::: Supplied records :::

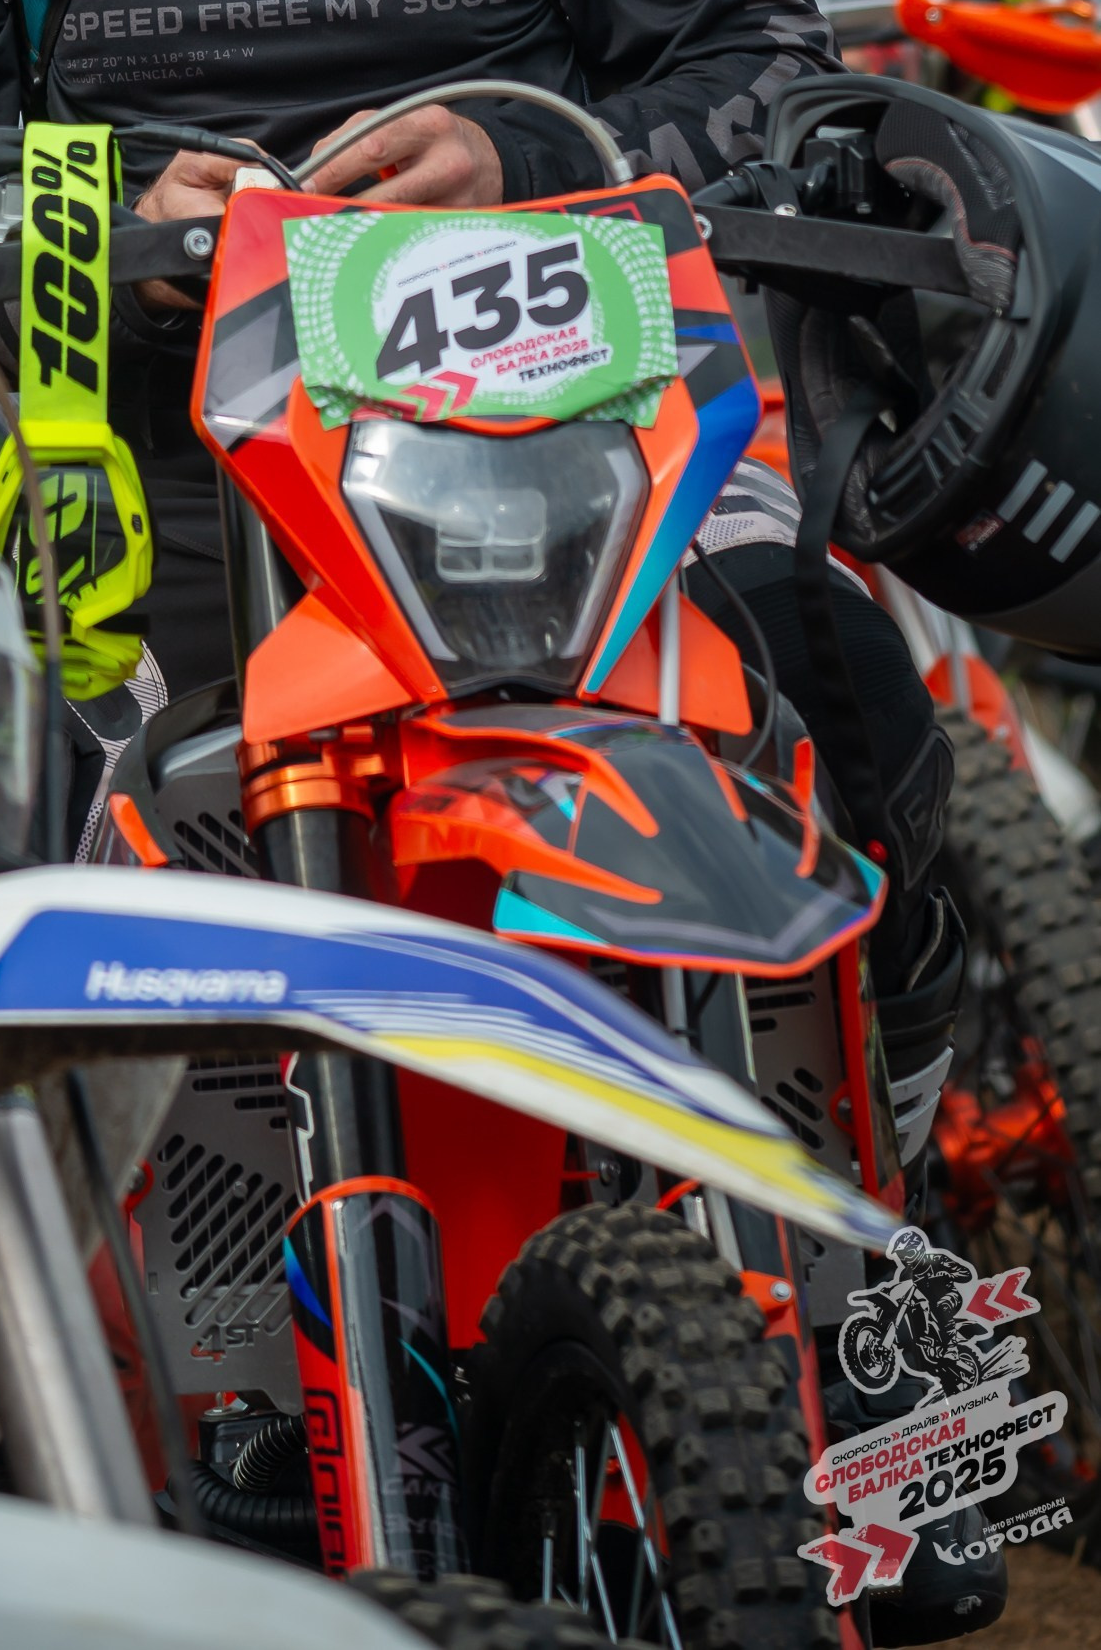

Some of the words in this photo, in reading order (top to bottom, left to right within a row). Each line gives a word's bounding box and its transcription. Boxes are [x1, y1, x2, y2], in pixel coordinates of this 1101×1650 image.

[62, 5, 184, 42] SPEED
[241, 47, 255, 58] W
[108, 68, 182, 84] VALENCIA,
[185, 66, 205, 78] CA
[31, 139, 102, 395] 100%
[375, 241, 590, 381] 435
[470, 325, 579, 369] СЛОБОДСКАЯ
[496, 349, 549, 376] БАЛКА
[518, 349, 609, 384] ТЕХНОФЕСТ
[85, 959, 289, 1008] Husqvarna

:::

Task description
None of the pictures belong in the copy; repeat all other material exactly.

Result of the task
Some of the words in this photo, in reading order (top to bottom, left to right within a row). Each line gives a word's bounding box and its transcription. Boxes are [x1, y1, x2, y2], in pixel coordinates of this 1101×1650 image.

[62, 5, 184, 42] SPEED
[241, 47, 255, 58] W
[108, 68, 182, 84] VALENCIA,
[185, 66, 205, 78] CA
[31, 139, 102, 395] 100%
[375, 241, 590, 381] 435
[470, 325, 579, 369] СЛОБОДСКАЯ
[496, 349, 549, 376] БАЛКА
[518, 349, 609, 384] ТЕХНОФЕСТ
[85, 959, 289, 1008] Husqvarna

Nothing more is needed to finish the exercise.